I am a frequent visitor to your Maltese before and since Dec 3 when our wonderful Precious came into our at 10 mos. old and 2 lbs 6 oz she has been diagnosed occipital dysplasia. Started steriod treatment yesterday (she is and has been at LSU Vet. Hosp. in Baton Rouge, LA since Saturday noon. What (if anything) do you know, or do you have knowledge of a website where I could learn more...we love her so and are so worried about the quality and quantity of life she can expect. Kind regards, Lorrie.


I'm sorry to hear of your dog being sick. I was searching the net yesterday. I just got to the point of narrowing my searches when I had to go somewhere. Could you let me this a form of cancer? You might try querying "DOG DISEASES" and go from there. If I had a brief discription of the condition, I might be able to get an exact match. But try "DISEASES", then "DOG DISEASES NOT CATS". I was frustrated because I felt like I was getting on to something and I had to go.

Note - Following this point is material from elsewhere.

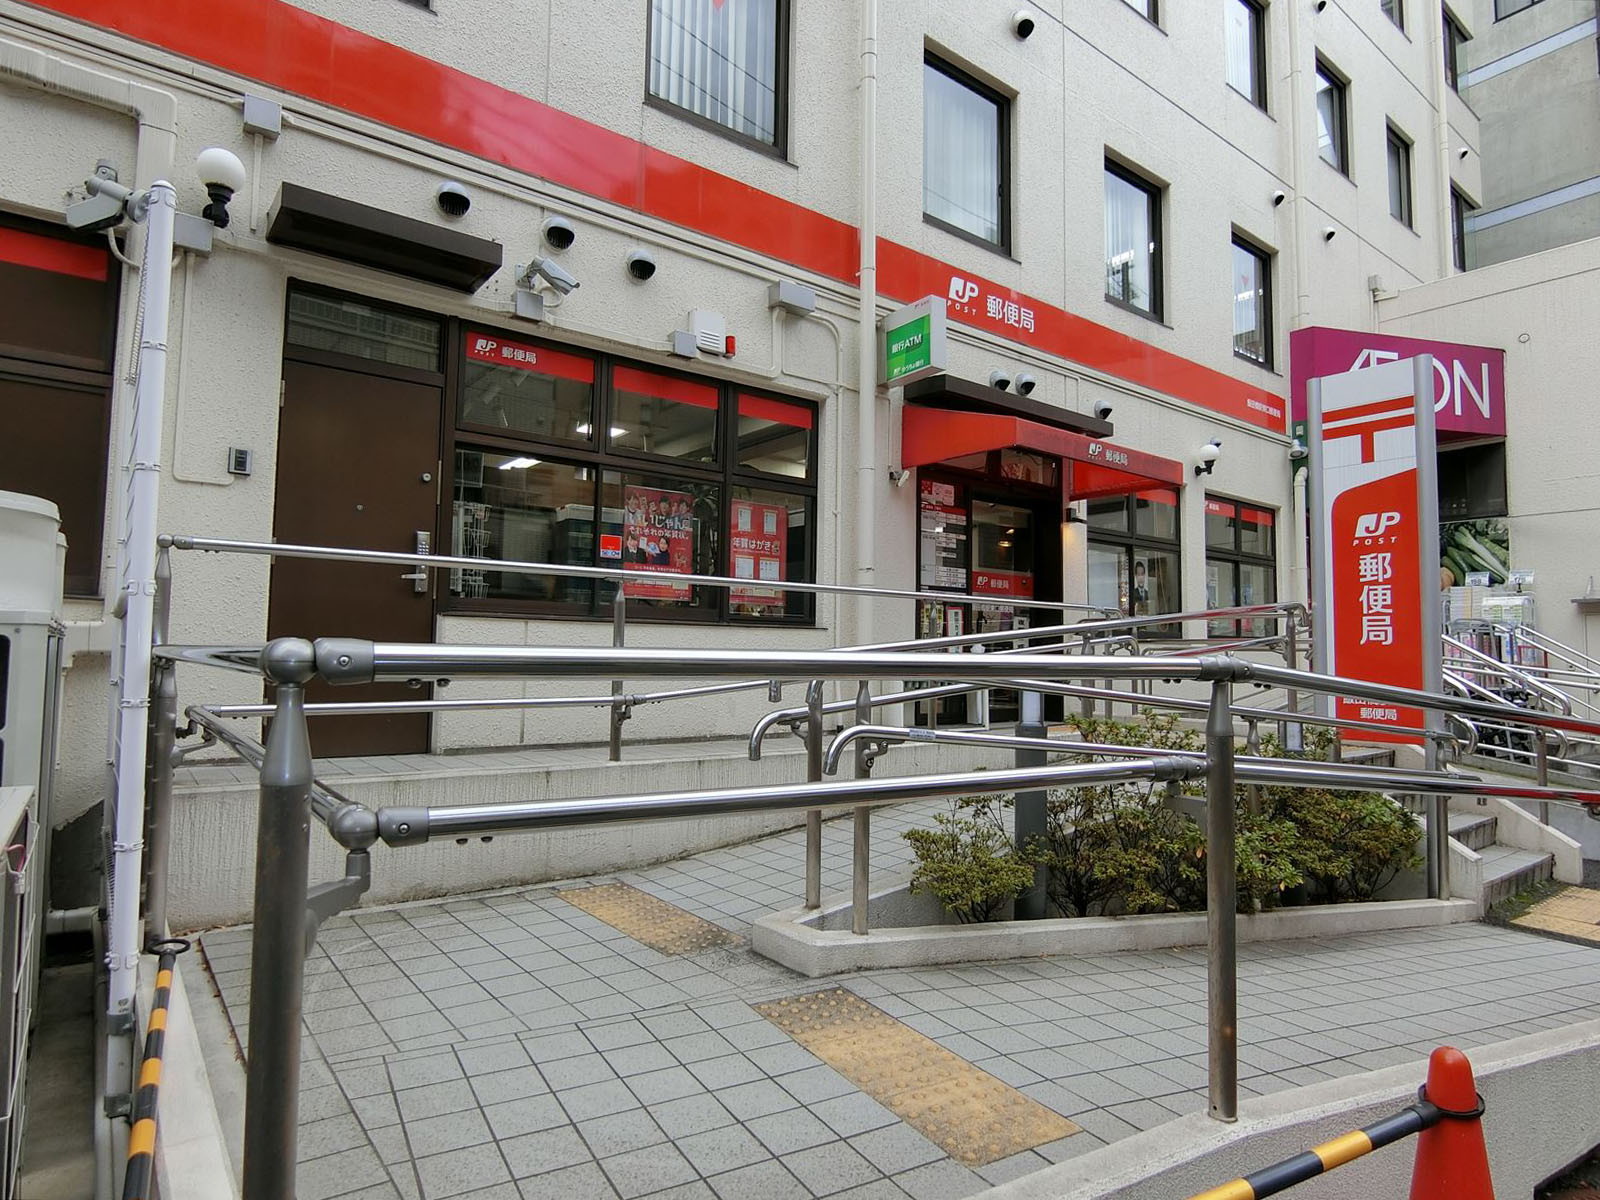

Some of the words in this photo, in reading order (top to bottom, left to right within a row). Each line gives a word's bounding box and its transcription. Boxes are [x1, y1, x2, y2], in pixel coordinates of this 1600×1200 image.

Lorrie, As promised this what I could find out. I offer you this reference from 'The Merck Veterinary Manual, Sixth Ed.': ...Congenital disorders of the spinal column and cord are many and include occipital dysplasia [dysplasia means: absence of some part of the body]. Occipital dysplasia refers to an abnormally large foramen magnum [def: foramen is a hole or opening. The word is applied particularly to holes in bones through which pass nerves or blood-vessels. The 'foramen magnum' is the large opening in the posterior aspect of the skull through which passes the spinal cord to enter the 'foramina' in each of the vertebrae of the spine. The nutrient 'foramina' are the holes in the shaft etc., of the bones which penetrate to the marrow cavity by which blood and lymph vessels and nerves pass to and from the marrow cavity] that results from a developmental defect of the occipital bone. The condition is commonly observed in small or toy breeds of dogs, usually as an incidental finding on skull radiographs. It is not believed to cause clinical signs [symptoms that you would notice]. I offer you this reference from 'Black's Veterinary Dictionary, 16th Ed., Edited by Geoffrey West: "...the occipital bone lies in the part of the skull which forms the occiput and can be felt as a hard bony plate in most animals. Some of the neck muscles are attached to the occipital bone, and the powerful ligamentum nuchae, which is the main supporting structure of the head and neck, is inserted into the prominence that can be felt between the ears." I could not find a prognosis on this condition. I imagine by now you have a prognosis from your vet. If it isn't too much trouble, I would be most interested in hearing how your dog is doing and what is the prognosis. I will keep your little one in my prayers. Our Pixie Bella is resting by my feet now as I am submitting this to you. Pixie Bella told me to tell you she offers her condolences as well.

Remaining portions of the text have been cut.